» **Problem details**:
Each line of the data below should be restated exactly, with images left out.

» **Available data**:
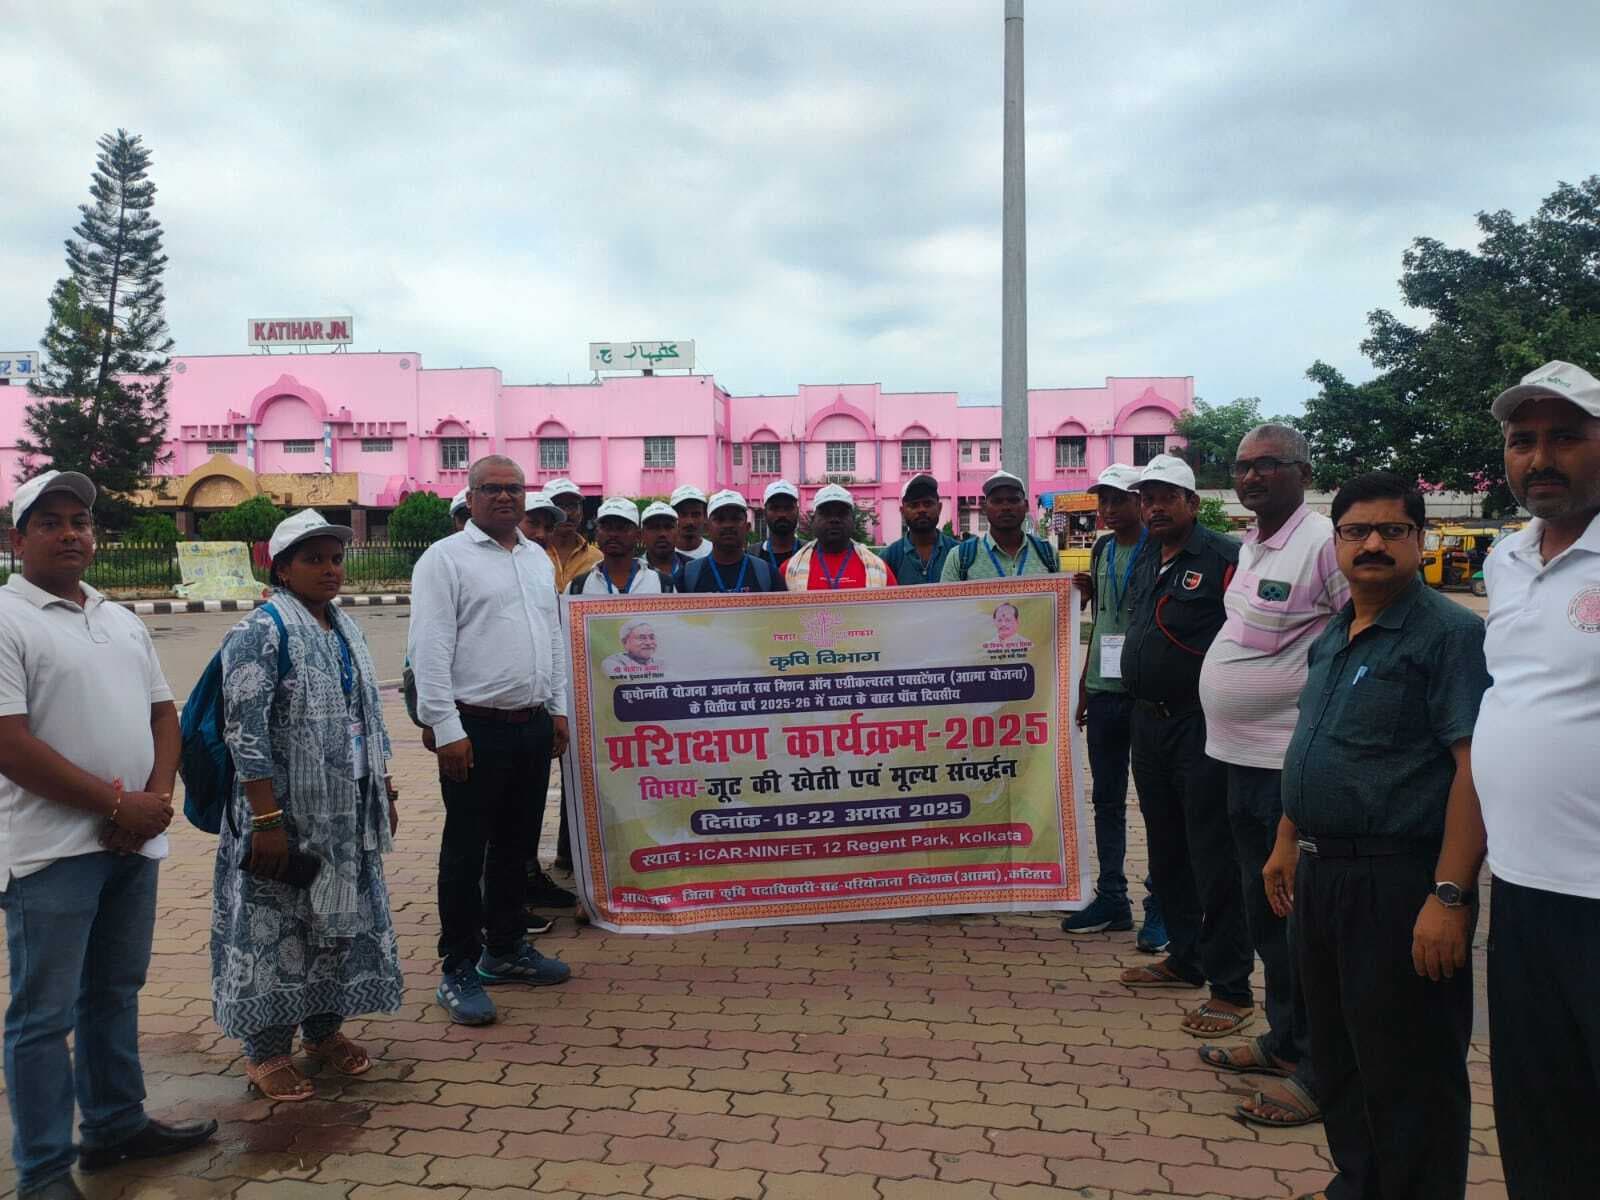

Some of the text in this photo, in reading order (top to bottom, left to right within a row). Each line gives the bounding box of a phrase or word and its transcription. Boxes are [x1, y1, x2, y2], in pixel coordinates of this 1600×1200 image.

[254, 320, 349, 340] KATIHAR JN.
[769, 649, 881, 671] कृषि विभाग
[672, 684, 707, 699] योजना
[774, 678, 805, 692] मिशन
[808, 677, 831, 690] ऑन
[989, 665, 1028, 683] योजना)
[689, 702, 701, 715] के
[760, 697, 811, 710] 2025-26
[814, 694, 826, 708] में
[828, 694, 852, 706] राज्य
[856, 692, 867, 705] के
[921, 687, 961, 701] दिवसीय
[604, 712, 1049, 772] प्रशिक्षण कार्यक्रम-2025
[750, 769, 782, 794] की
[789, 765, 840, 791] खेती
[848, 762, 883, 788] एवं
[889, 763, 938, 792] मूल्य
[844, 804, 902, 822] अगस्त
[908, 800, 963, 818] 2025
[641, 850, 681, 867] स्थान
[820, 840, 841, 854] 12
[846, 836, 907, 854] Regent
[911, 832, 953, 849] Park,
[960, 830, 1022, 845] Kolkata

» **Answer section**:
Some of the text in this photo, in reading order (top to bottom, left to right within a row). Each line gives the bounding box of a phrase or word and its transcription. Boxes are [x1, y1, x2, y2], in pixel coordinates of this 1600×1200 image.

[254, 320, 349, 340] KATIHAR JN.
[769, 649, 881, 671] कृषि विभाग
[672, 684, 707, 699] योजना
[774, 678, 805, 692] मिशन
[808, 677, 831, 690] ऑन
[989, 665, 1028, 683] योजना)
[689, 702, 701, 715] के
[760, 697, 811, 710] 2025-26
[814, 694, 826, 708] में
[828, 694, 852, 706] राज्य
[856, 692, 867, 705] के
[921, 687, 961, 701] दिवसीय
[604, 712, 1049, 772] प्रशिक्षण कार्यक्रम-2025
[750, 769, 782, 794] की
[789, 765, 840, 791] खेती
[848, 762, 883, 788] एवं
[889, 763, 938, 792] मूल्य
[844, 804, 902, 822] अगस्त
[908, 800, 963, 818] 2025
[641, 850, 681, 867] स्थान
[820, 840, 841, 854] 12
[846, 836, 907, 854] Regent
[911, 832, 953, 849] Park,
[960, 830, 1022, 845] Kolkata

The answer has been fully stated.